ASSIGNMENT: After finding "this 1500×1000 image." in a line below, print that line and the rest of the lines exactly, leaving out all pictures.

PROVIDED MATERIAL:
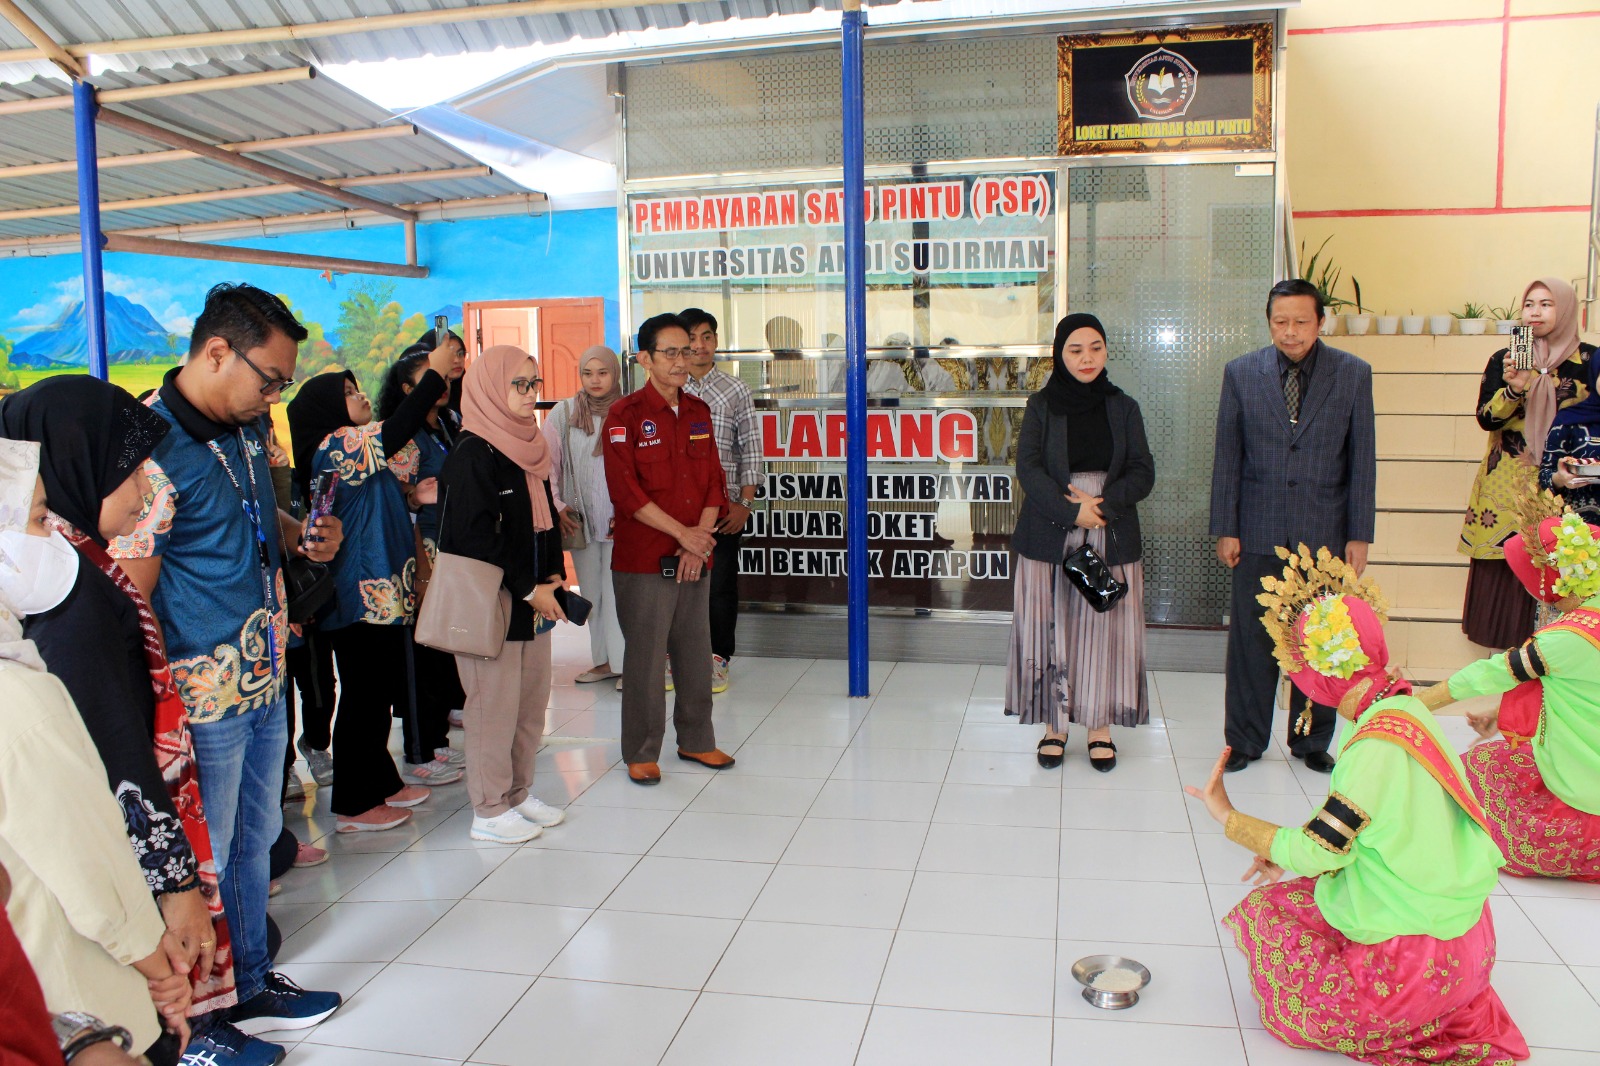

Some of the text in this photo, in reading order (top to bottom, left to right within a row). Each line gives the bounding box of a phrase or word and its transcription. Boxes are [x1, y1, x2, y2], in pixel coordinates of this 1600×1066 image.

[1075, 118, 1252, 141] LOKET PEMBAYARAN SATU PINTU
[634, 193, 796, 233] PEMBAYARAN
[881, 184, 961, 221] PINTU
[972, 178, 1048, 221] (PSP)
[635, 246, 805, 280] UNIVERSITAS
[893, 239, 1045, 272] SUDIRMAN
[761, 412, 976, 459] LARANG
[867, 474, 1011, 501] EMBAYAR
[772, 511, 843, 536] LUAR
[867, 513, 936, 539] OKET
[771, 550, 881, 576] BENTK
[893, 551, 1009, 578] APAPUN
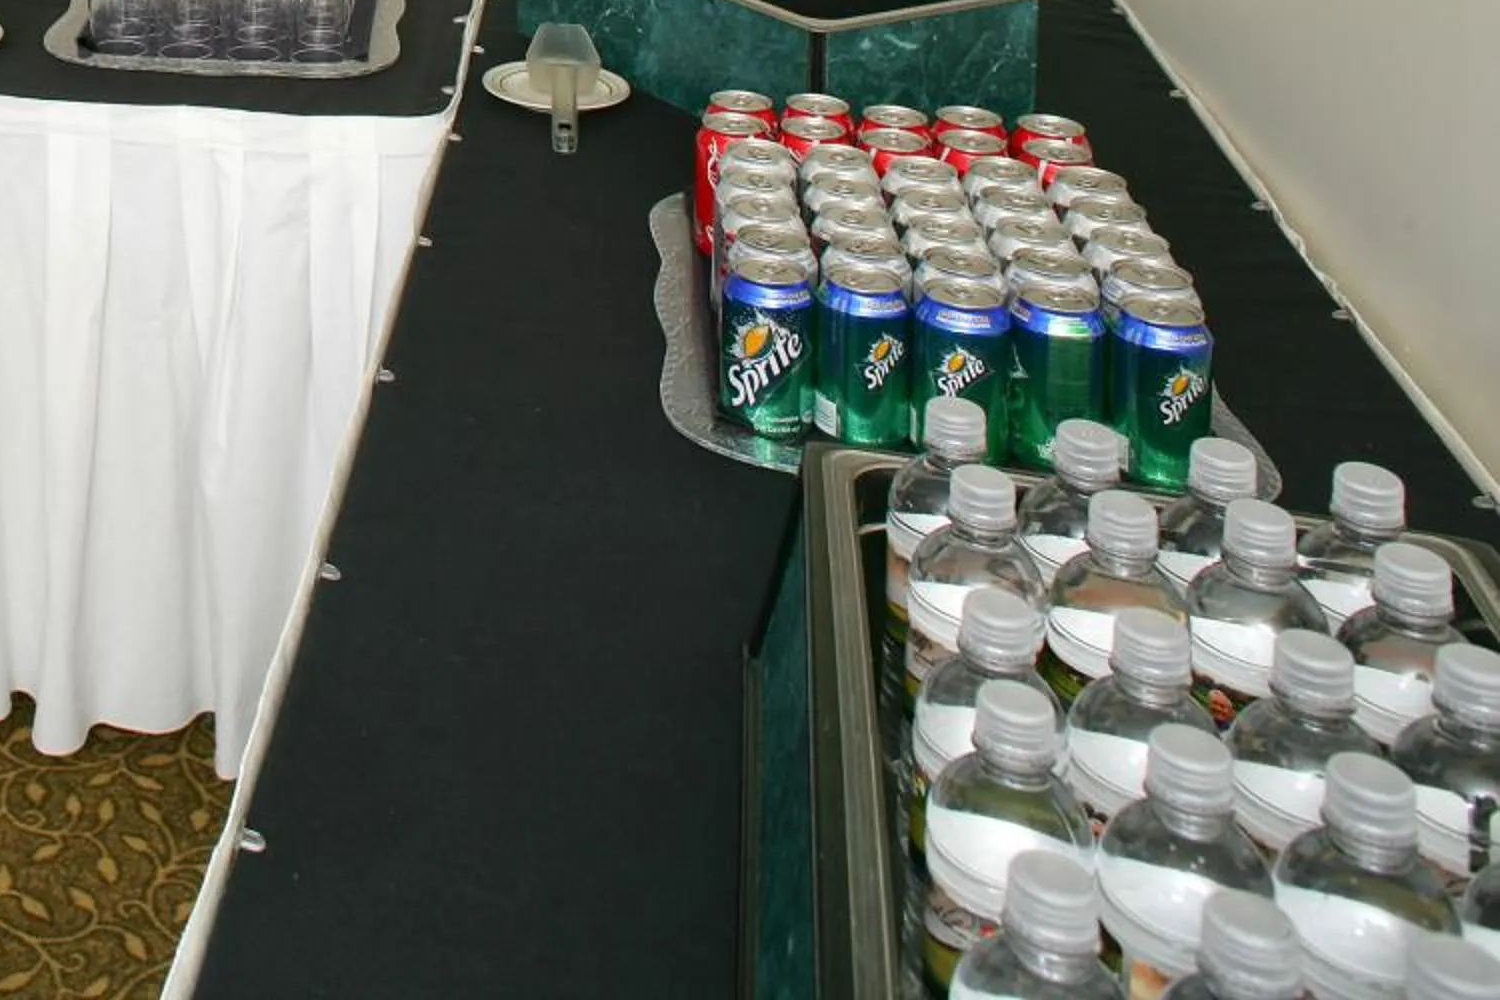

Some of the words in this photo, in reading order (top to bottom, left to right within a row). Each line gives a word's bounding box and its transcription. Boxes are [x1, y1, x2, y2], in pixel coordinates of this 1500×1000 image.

[727, 326, 804, 408] Sprite
[863, 339, 905, 390] Sprite
[937, 354, 986, 398] Sprite
[1159, 373, 1209, 426] Sprite
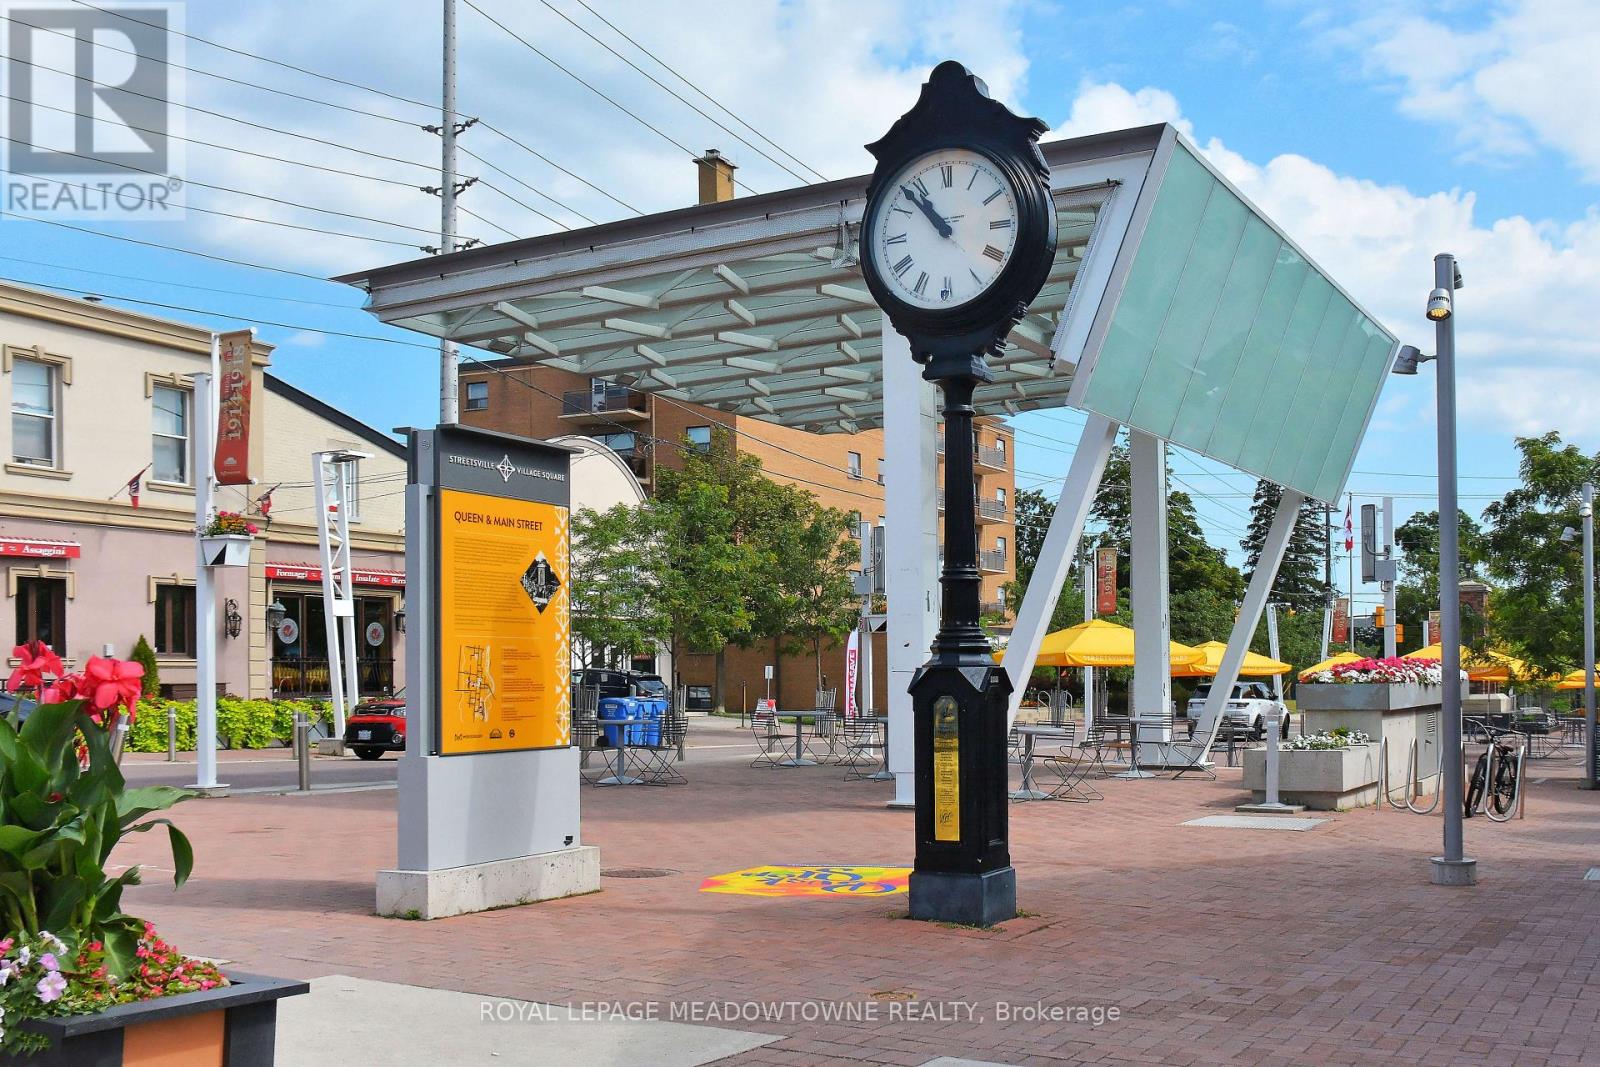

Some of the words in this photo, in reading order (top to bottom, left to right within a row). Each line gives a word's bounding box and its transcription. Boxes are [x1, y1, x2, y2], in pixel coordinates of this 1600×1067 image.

[940, 165, 953, 189] XII
[983, 189, 1002, 206] II
[989, 219, 1011, 230] III
[983, 244, 1004, 262] IIII
[892, 254, 915, 279] VIII
[913, 271, 930, 296] VII
[228, 343, 245, 441] 1914-1918
[449, 456, 495, 469] STREETSVILLE
[516, 467, 541, 477] VILLAGE
[541, 471, 566, 482] SQUARE
[454, 511, 484, 524] QUEEN
[486, 515, 492, 525] &
[493, 516, 515, 528] MAIN
[517, 519, 543, 531] STREET
[22, 544, 66, 557] Assaggini

RESPONSE TO THE TASK:
Some of the words in this photo, in reading order (top to bottom, left to right within a row). Each line gives a word's bounding box and its transcription. Boxes are [x1, y1, x2, y2], in pixel coordinates of this 1500×1000 image.

[727, 326, 804, 408] Sprite
[863, 339, 905, 390] Sprite
[937, 354, 986, 398] Sprite
[1159, 373, 1209, 426] Sprite

Some of the words in this photo, in reading order (top to bottom, left to right within a row). Each line gives a word's bounding box and its transcription. Boxes are [x1, y1, x2, y2], in pixel coordinates of this 1600×1067 image.

[940, 165, 953, 189] XII
[983, 189, 1002, 206] II
[989, 219, 1011, 230] III
[983, 244, 1004, 262] IIII
[892, 254, 915, 279] VIII
[913, 271, 930, 296] VII
[228, 343, 245, 441] 1914-1918
[449, 456, 495, 469] STREETSVILLE
[516, 467, 541, 477] VILLAGE
[541, 471, 566, 482] SQUARE
[454, 511, 484, 524] QUEEN
[486, 515, 492, 525] &
[493, 516, 515, 528] MAIN
[517, 519, 543, 531] STREET
[22, 544, 66, 557] Assaggini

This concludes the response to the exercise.